Although we’ve been conditioned to view unsubscribe links as a legitimate means to exit mailing lists, experts now warn that they can act as bait for scammers.
As reported by WSJ, a recent study by DNSFilter revealed that one in every 644 clicks on unsubscribe links leads to potentially harmful websites. The risks vary from simple email validation—informing spammers that your inbox is active—to more malicious tactics like malware installation or phishing attempts on fraudulent web pages.
Michael Bargury, co-founder of AI security firm Zenity, indicated to WSJ that clicking these links signals to malicious actors that you are a real person. “It can make you a bigger target in the future,” he cautioned. Once your email is marked as responsive, cybercriminals may start building a digital profile for more sophisticated scams or social engineering schemes.
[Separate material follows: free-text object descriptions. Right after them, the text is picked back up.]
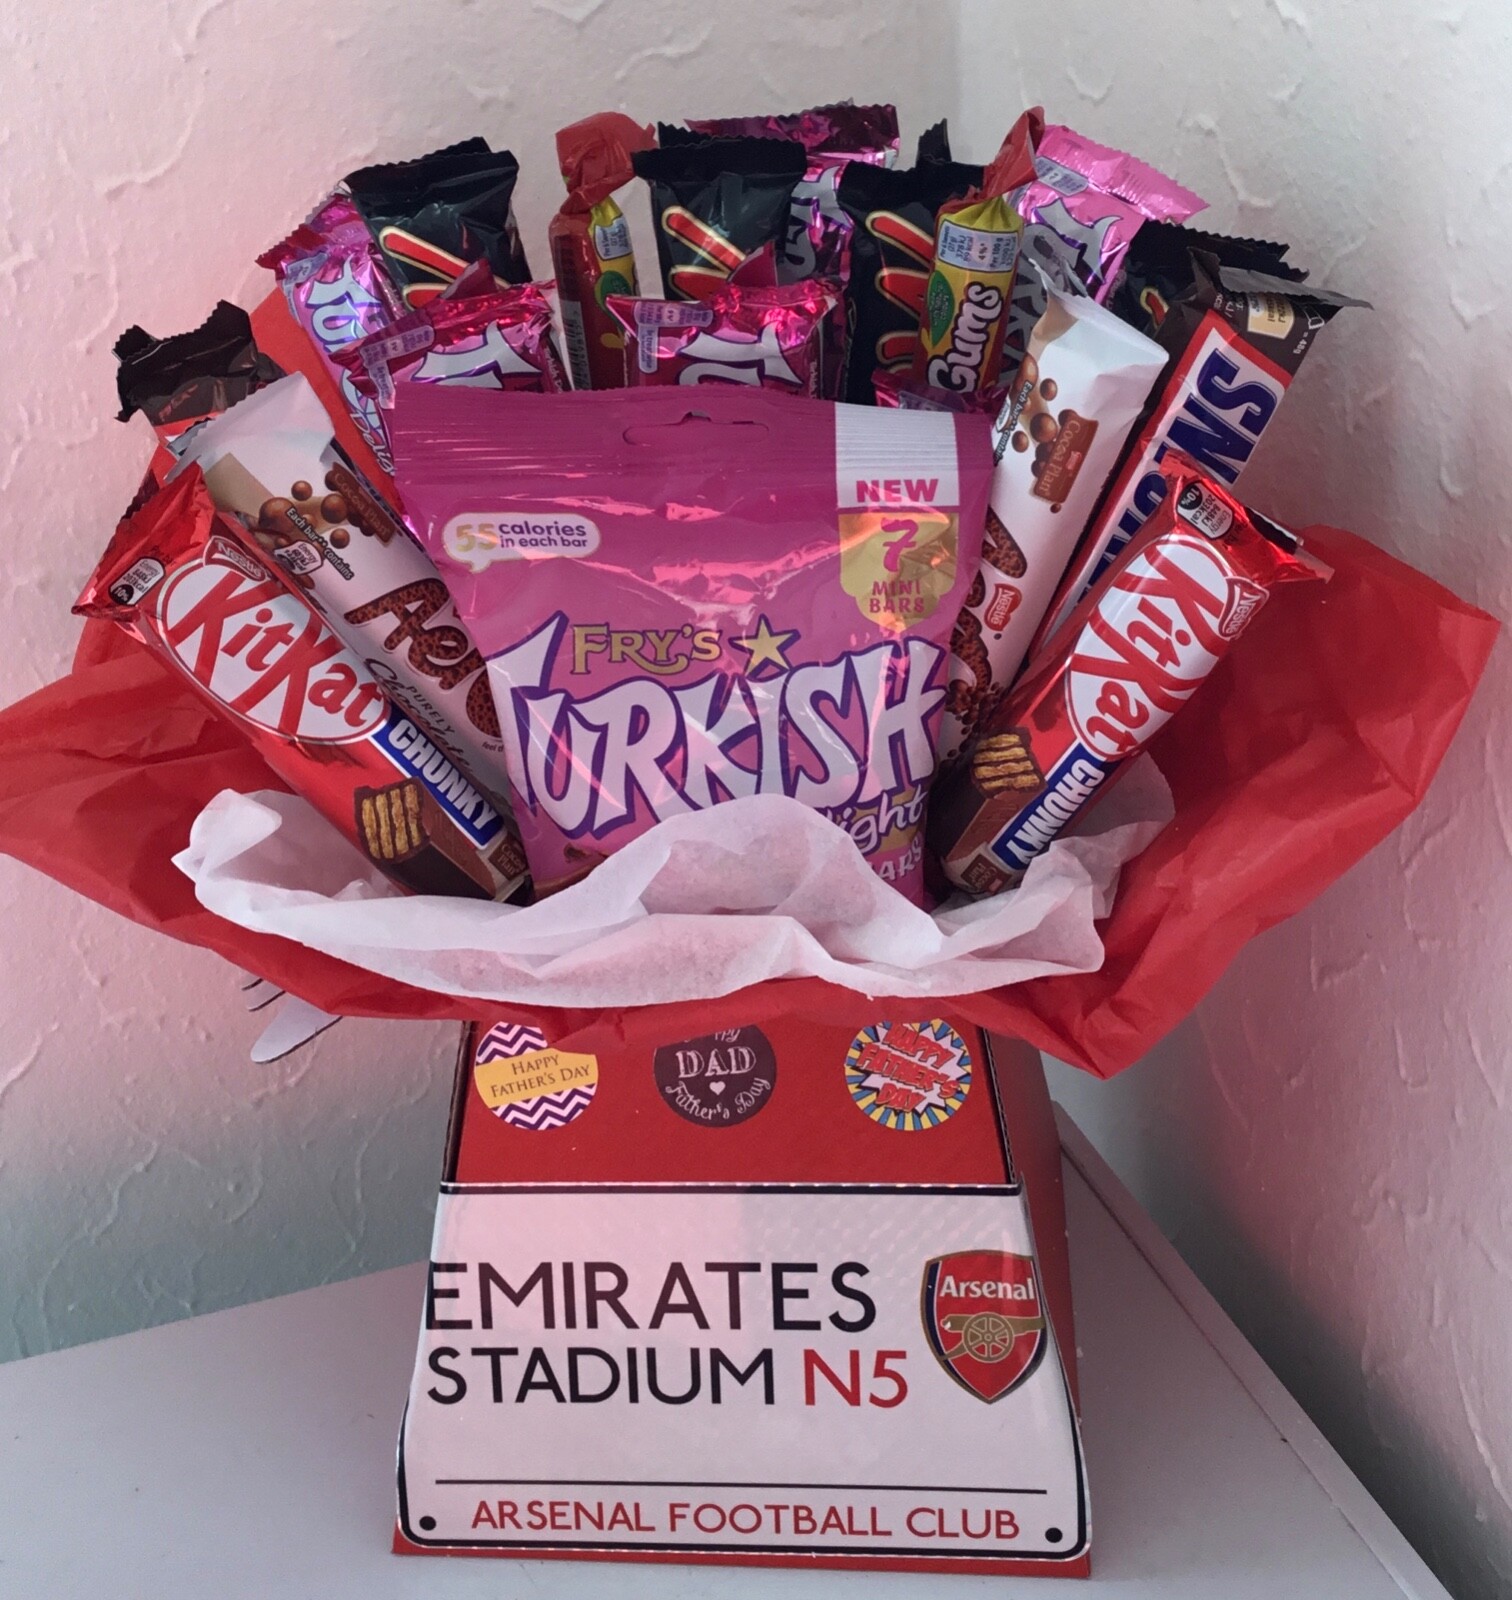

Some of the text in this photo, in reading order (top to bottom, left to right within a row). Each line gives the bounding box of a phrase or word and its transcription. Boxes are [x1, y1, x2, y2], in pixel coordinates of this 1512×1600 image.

[928, 281, 1003, 394] Gums
[1020, 381, 1033, 404] Each
[350, 411, 395, 476] Delig
[1054, 421, 1080, 461] Cocoa
[856, 479, 939, 503] NEW
[1181, 488, 1200, 506] 10%
[1190, 494, 1216, 525] 203kcal
[499, 520, 587, 537] calories
[1201, 502, 1222, 527] 848kJ
[286, 508, 306, 529] Each
[324, 547, 353, 580] contains
[456, 523, 498, 552] 55
[500, 536, 588, 548] in each bar
[880, 517, 919, 573] 7
[869, 598, 925, 613] BARS
[872, 581, 921, 596] MINI
[164, 575, 386, 736] KitKat
[572, 624, 722, 676] FRY'S
[1069, 544, 1234, 754] KitKat
[406, 685, 456, 734] PURELY
[388, 717, 496, 831] CHUNKY
[1006, 756, 1105, 871] CHUNKY
[874, 832, 922, 881] ARS
[511, 1054, 560, 1076] HAPPY
[675, 1046, 757, 1078] DAD
[881, 1021, 956, 1070] HAPPY
[490, 1064, 590, 1098] FATHER'S DAY
[855, 1041, 960, 1098] FATHER'S
[665, 1077, 771, 1120] Father's Day
[875, 1082, 927, 1114] DAY
[426, 1259, 878, 1332] EMIRATES
[939, 1274, 1036, 1303] Arsenal
[426, 1345, 910, 1409] STADIUM N5
[470, 1499, 1021, 1541] ARSENAL FOOTBALL CLUB
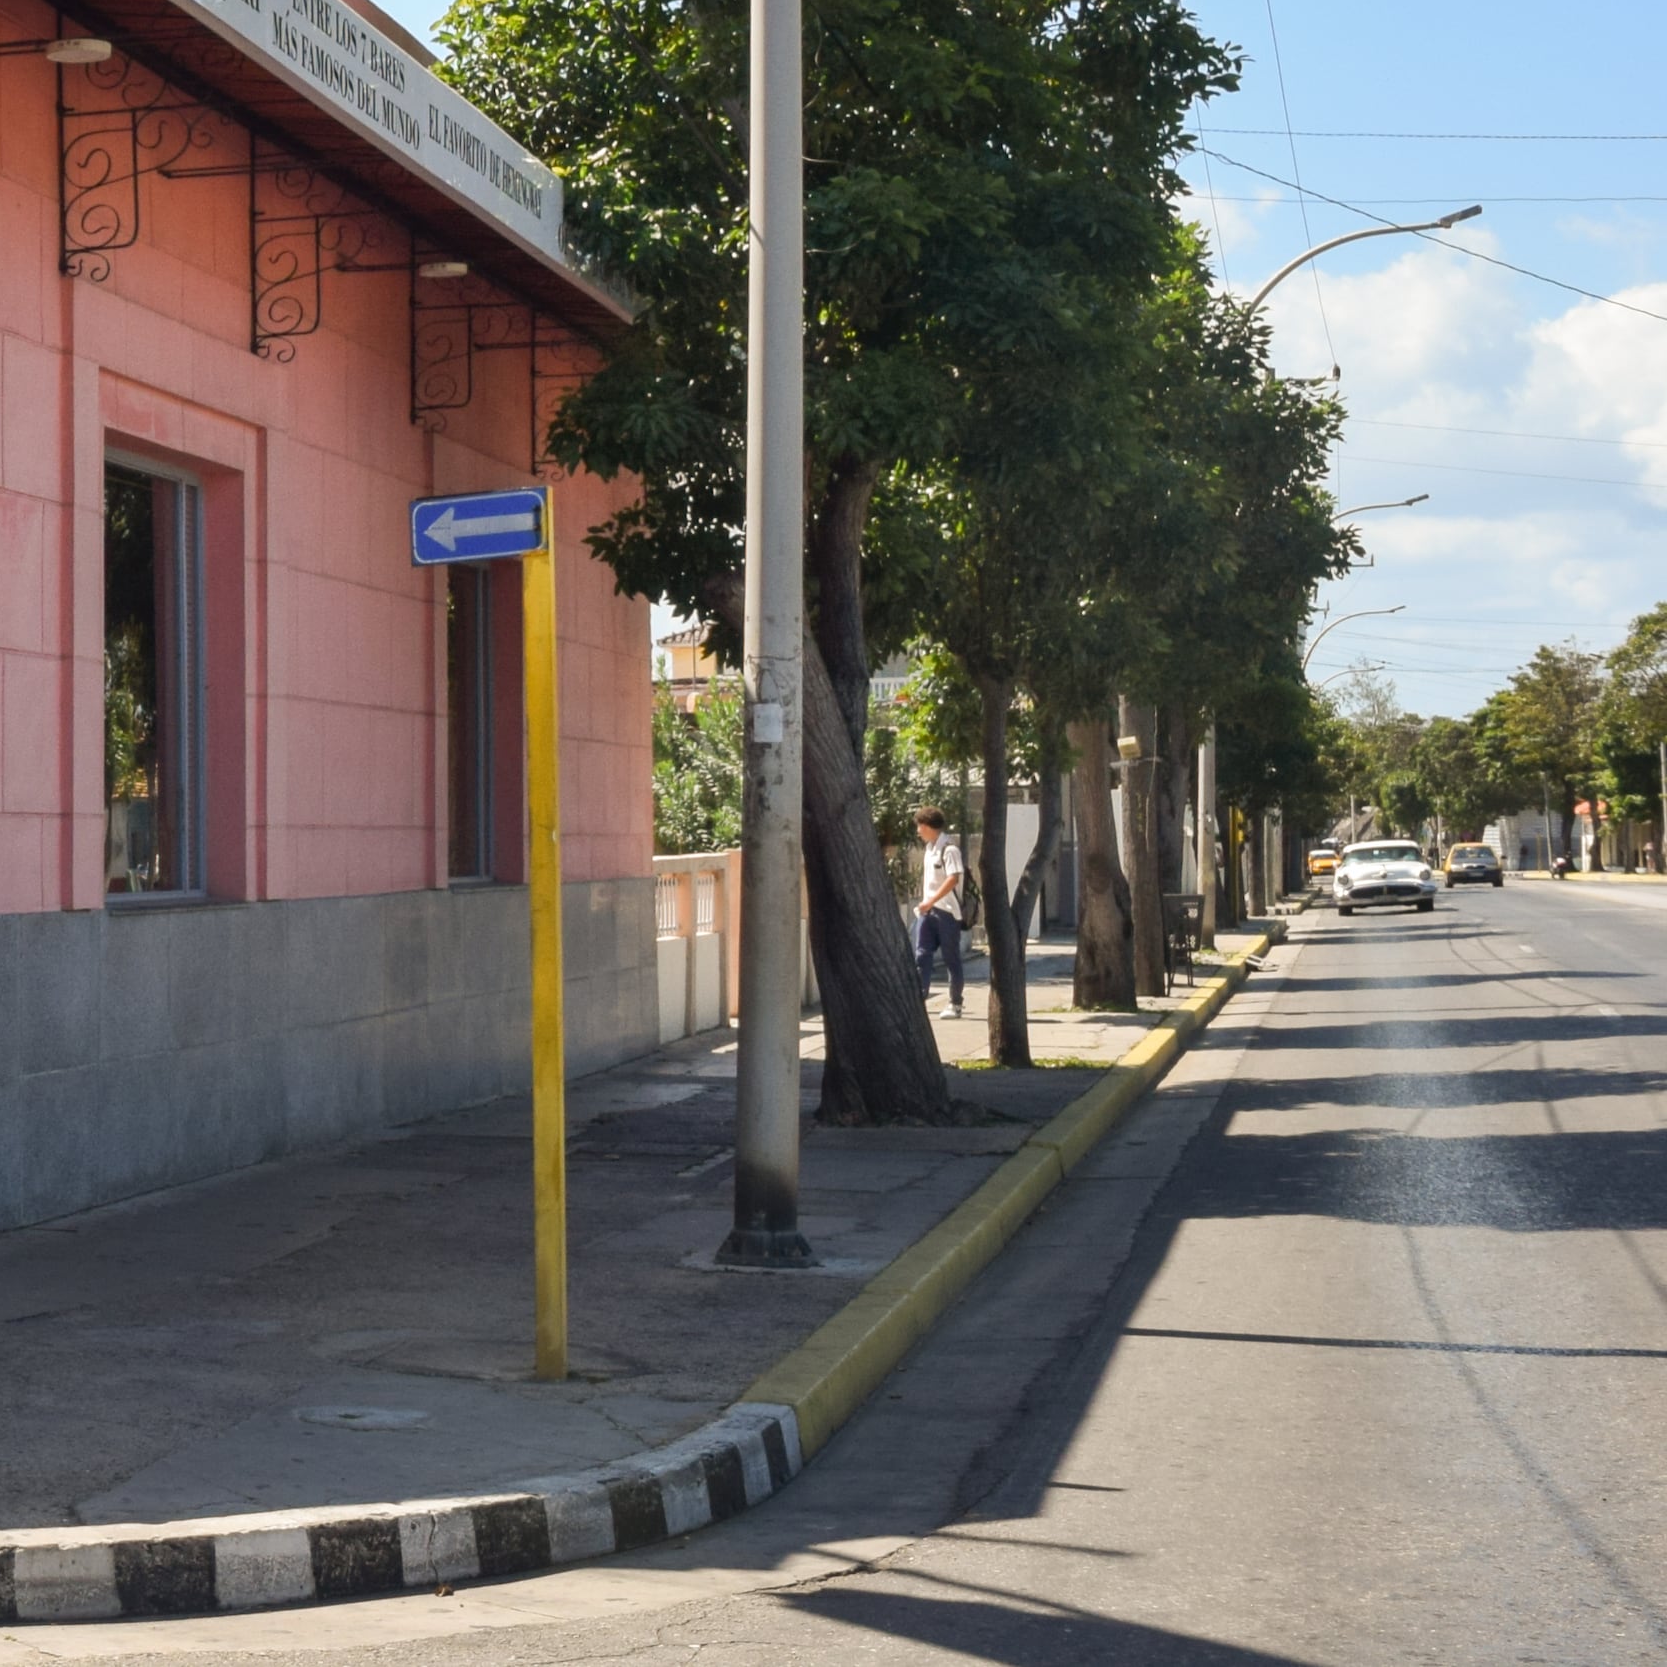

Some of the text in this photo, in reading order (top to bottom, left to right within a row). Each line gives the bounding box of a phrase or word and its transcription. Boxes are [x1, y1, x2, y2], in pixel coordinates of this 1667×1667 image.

[272, 9, 420, 150] MÁS FAMOSOS DEL MUNDO
[335, 11, 357, 57] LOS
[361, 32, 367, 65] 7
[370, 40, 405, 94] BARES
[429, 104, 441, 145] EL
[444, 114, 487, 176] FAVORITO
[489, 149, 501, 189] DE
Charles Henderson from security firm Coalfire noted that seemingly genuine unsubscribe pages can actually be traps designed to steal credentials or deploy malicious code. “If the redirected site requests your password to unsubscribe, that’s a red flag,”
WSJ quoted him as stating.
So what is the safer approach?
All three experts recommend using the “list-unsubscribe headers” provided by most email platforms—these are small opt-out links near the sender’s name that allow you to unsubscribe without navigating to external sites. These links are typically vetted by the email provider and deemed safer than clicking on links within the message body.
If that option is unavailable—or if the sender appears suspicious—it’s wiser to report the message as spam or set up email filters to block further communications.
For those who want to be proactive, tools like Apple’s “Hide My Email” can generate disposable addresses to safeguard your primary inbox. Browser extensions on Chrome and Firefox provide similar protections.
As Henderson bluntly states, “If you don’t trust the source, why would you trust their unsubscribe link?”